» **Records to use**:
-------
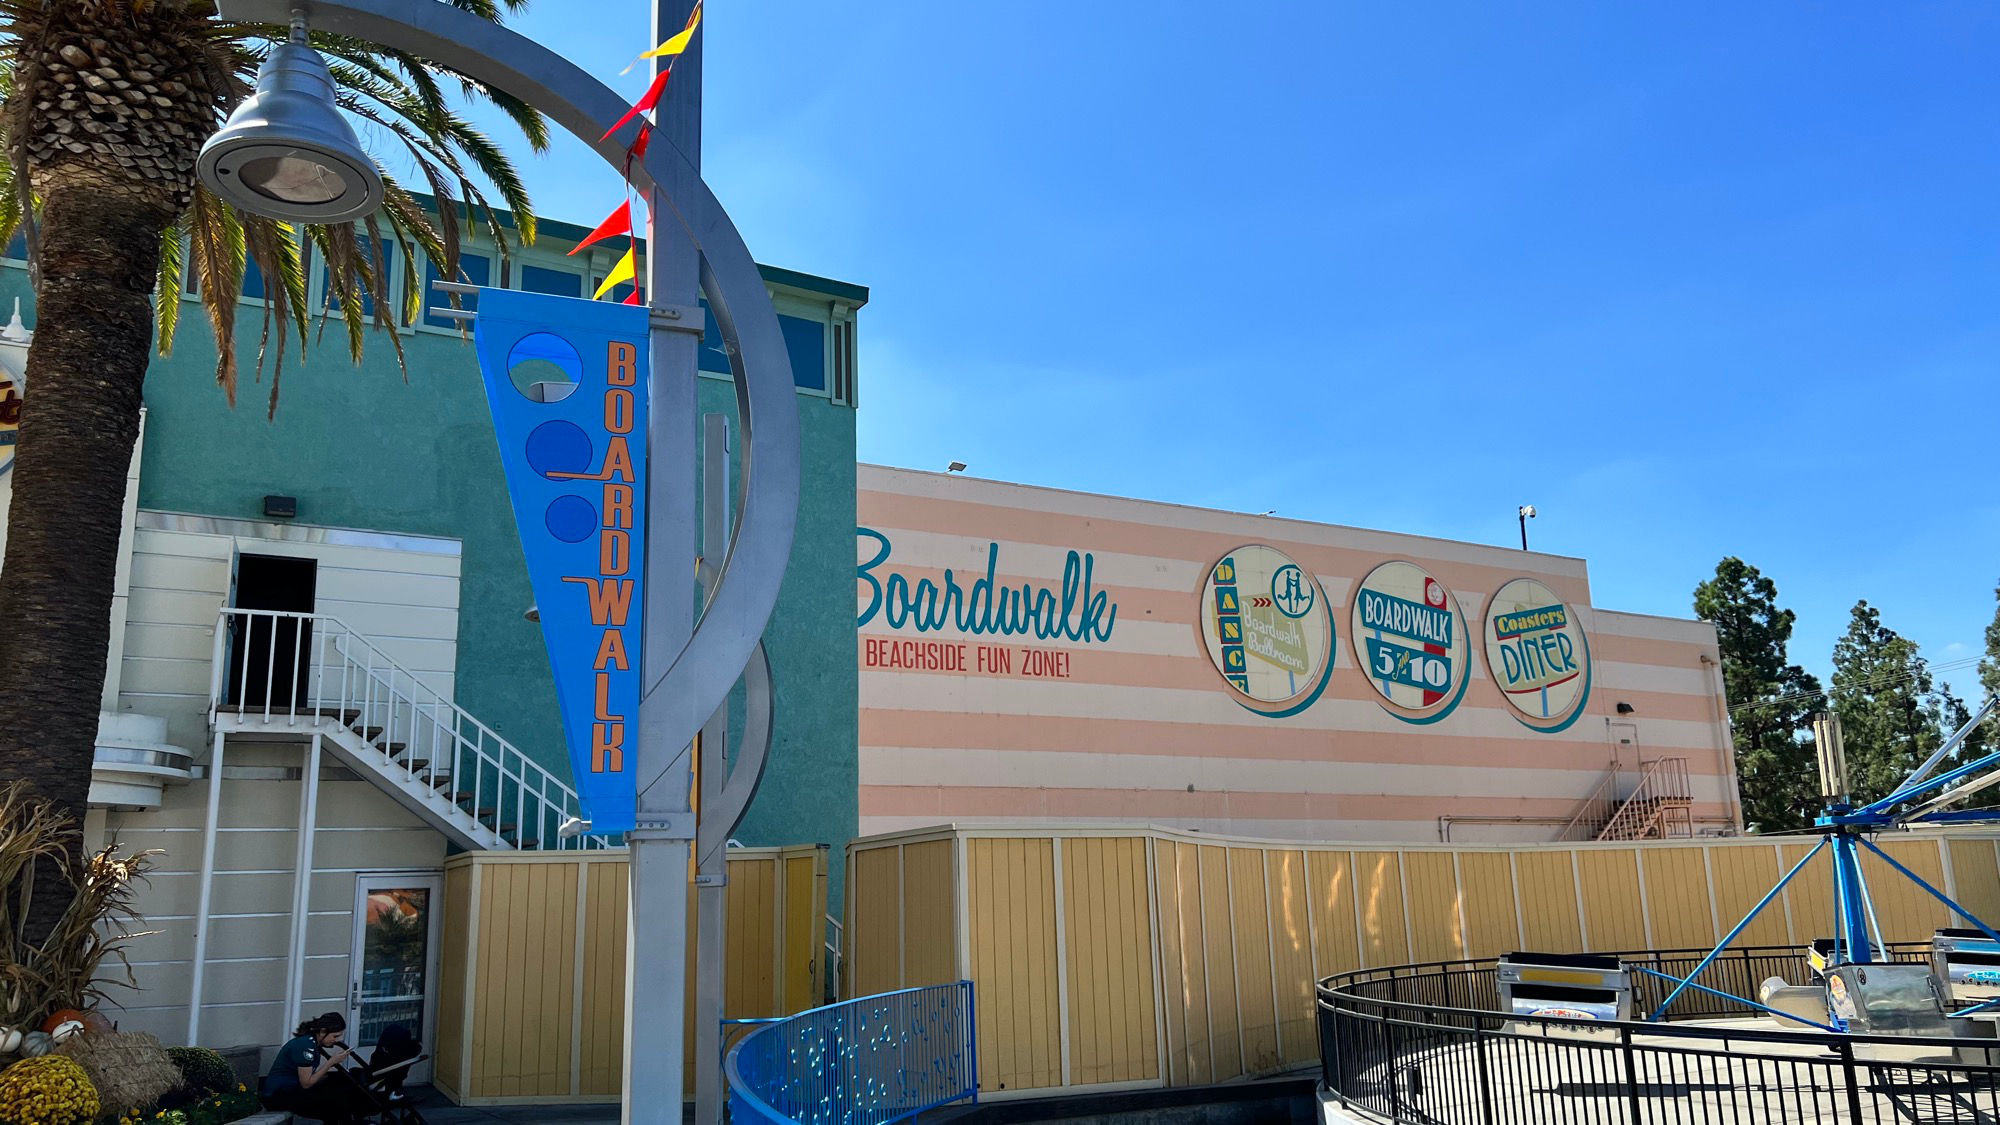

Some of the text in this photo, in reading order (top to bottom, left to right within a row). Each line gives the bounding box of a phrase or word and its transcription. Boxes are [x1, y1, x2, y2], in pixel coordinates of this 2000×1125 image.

[546, 341, 636, 773] BOARDWALK
[857, 526, 1117, 643] Boardwalk
[1365, 593, 1448, 644] BOARDWALK
[1497, 608, 1565, 633] Coasters
[865, 638, 1070, 678] BEACHSIDE FUN ZONE!
[1376, 646, 1395, 675] 5
[1409, 656, 1447, 687] 10
[1500, 632, 1578, 687] DINER
-------
Please reproduce the entries above line by line, exactly, leaving out each image.

» **Solution**:
Some of the text in this photo, in reading order (top to bottom, left to right within a row). Each line gives the bounding box of a phrase or word and its transcription. Boxes are [x1, y1, x2, y2], in pixel coordinates of this 2000×1125 image.

[546, 341, 636, 773] BOARDWALK
[857, 526, 1117, 643] Boardwalk
[1365, 593, 1448, 644] BOARDWALK
[1497, 608, 1565, 633] Coasters
[865, 638, 1070, 678] BEACHSIDE FUN ZONE!
[1376, 646, 1395, 675] 5
[1409, 656, 1447, 687] 10
[1500, 632, 1578, 687] DINER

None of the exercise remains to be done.